Task instructions
Print all of the data below exactly as it appears, leaving out every image.

Data to use
• • • • •
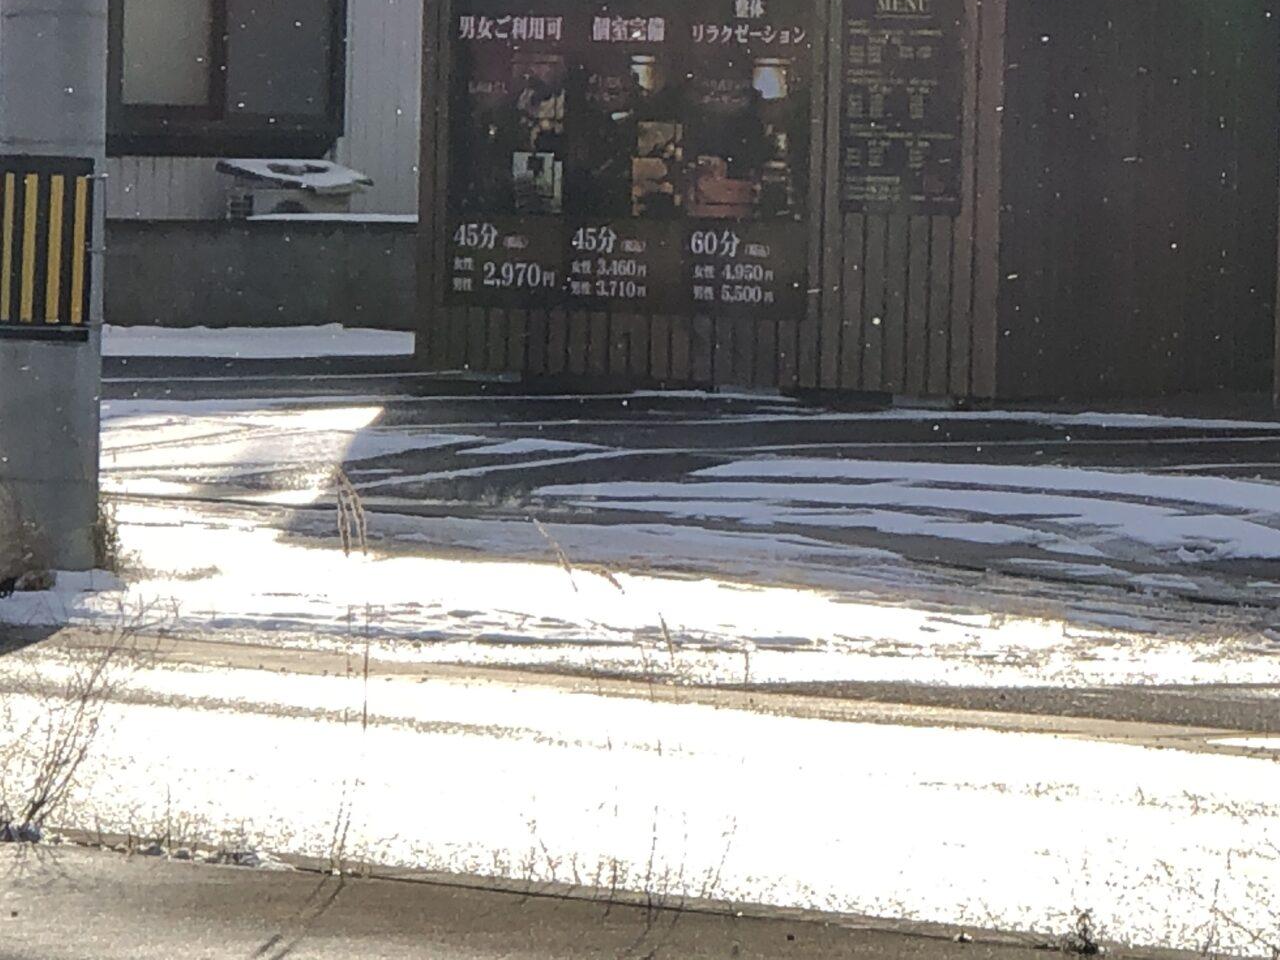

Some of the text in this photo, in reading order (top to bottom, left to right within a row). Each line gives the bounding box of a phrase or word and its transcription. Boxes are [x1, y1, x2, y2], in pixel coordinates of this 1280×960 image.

[459, 14, 563, 40] 男女ご利用可
[692, 24, 806, 44] リラクゼーション
[453, 222, 499, 250] 45分
[571, 226, 618, 254] 45分
[690, 230, 742, 258] 60分
[483, 261, 556, 287] 2,970円
• • • • •
Exercise response
Some of the text in this photo, in reading order (top to bottom, left to right within a row). Each line gives the bounding box of a phrase or word and its transcription. Boxes are [x1, y1, x2, y2], in pixel coordinates of this 1280×960 image.

[459, 14, 563, 40] 男女ご利用可
[692, 24, 806, 44] リラクゼーション
[453, 222, 499, 250] 45分
[571, 226, 618, 254] 45分
[690, 230, 742, 258] 60分
[483, 261, 556, 287] 2,970円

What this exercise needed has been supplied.